[Task prompt]
Copy every entry word for word, but skip the pictures.

*** Data records ***

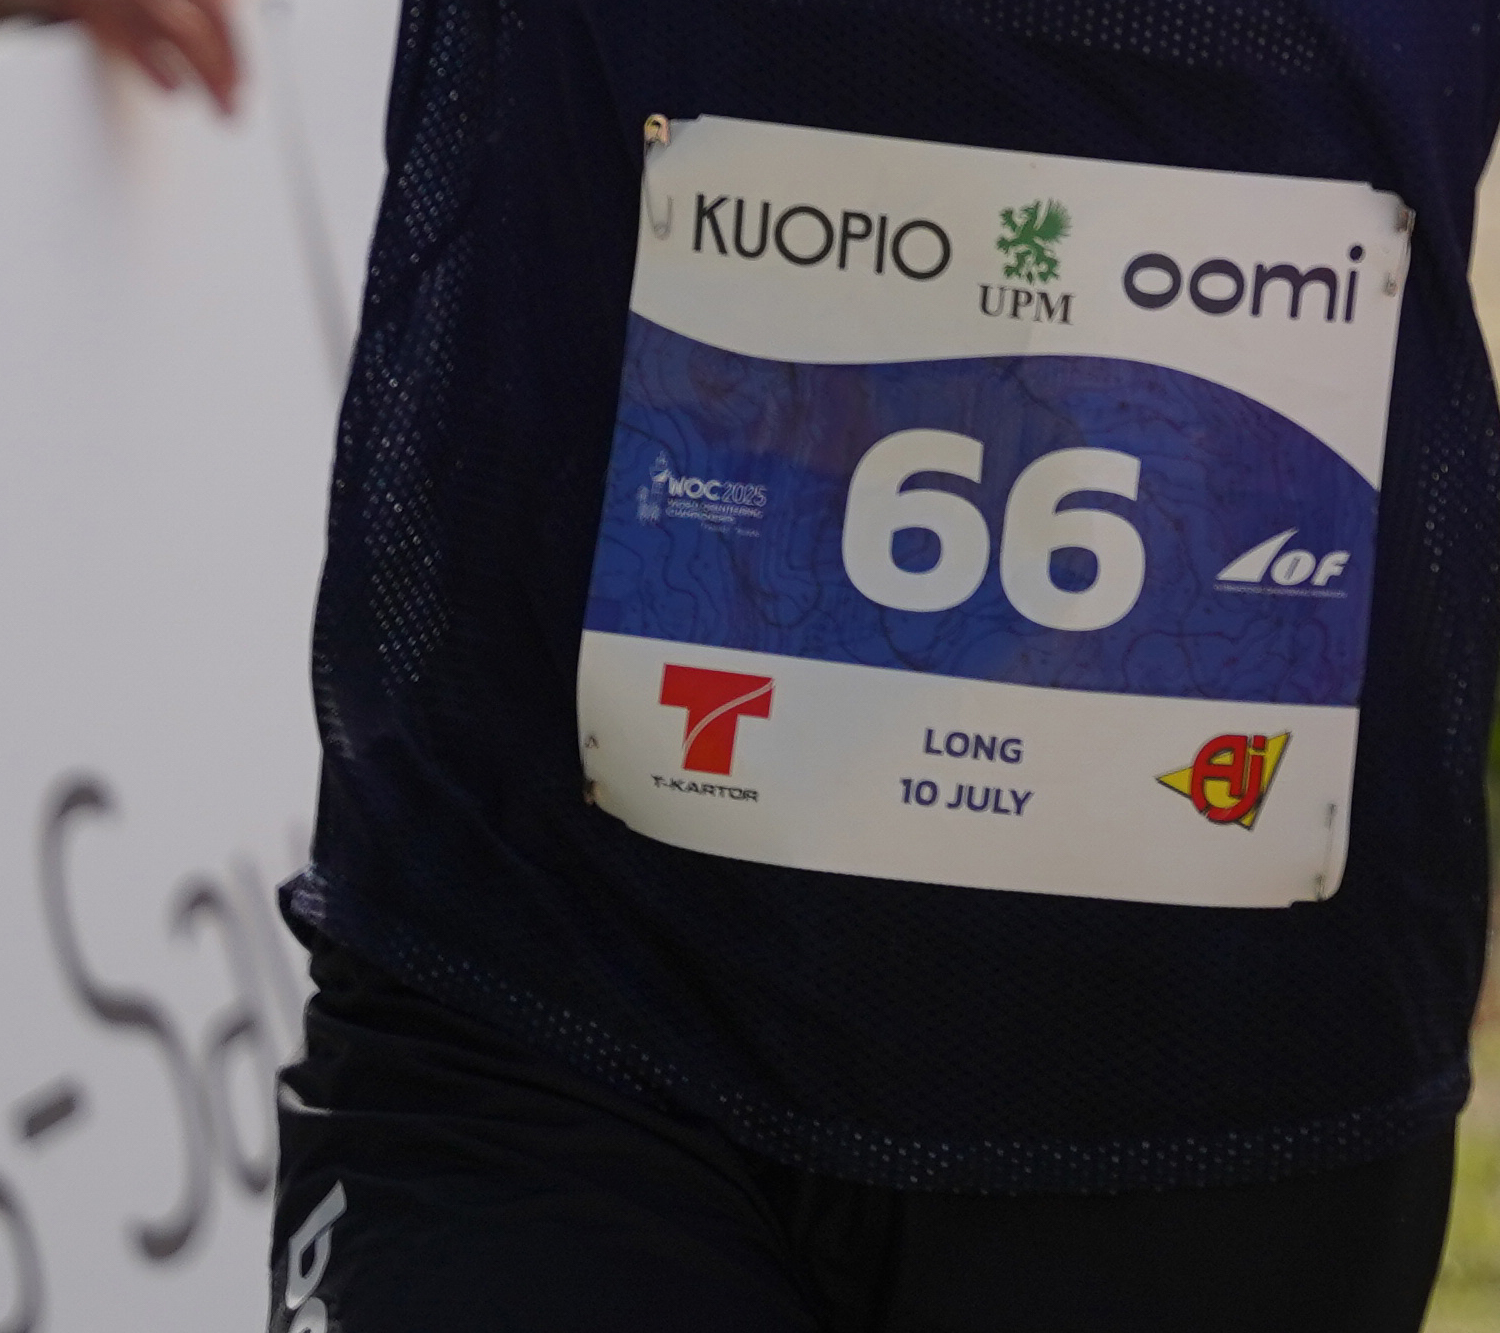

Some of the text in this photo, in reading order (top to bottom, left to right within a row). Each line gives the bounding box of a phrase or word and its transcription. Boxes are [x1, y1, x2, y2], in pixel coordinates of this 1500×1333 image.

[692, 193, 952, 281] KUOPIO
[978, 283, 1075, 326] UPM
[1124, 245, 1364, 323] oomi
[842, 427, 1146, 632] 66
[924, 727, 1024, 763] LONG
[651, 774, 759, 802] T-KARTOR
[901, 778, 1035, 816] 10 JULY

*** End of Data records ***

[Output]
Some of the text in this photo, in reading order (top to bottom, left to right within a row). Each line gives the bounding box of a phrase or word and its transcription. Boxes are [x1, y1, x2, y2], in pixel coordinates of this 1500×1333 image.

[692, 193, 952, 281] KUOPIO
[978, 283, 1075, 326] UPM
[1124, 245, 1364, 323] oomi
[842, 427, 1146, 632] 66
[924, 727, 1024, 763] LONG
[651, 774, 759, 802] T-KARTOR
[901, 778, 1035, 816] 10 JULY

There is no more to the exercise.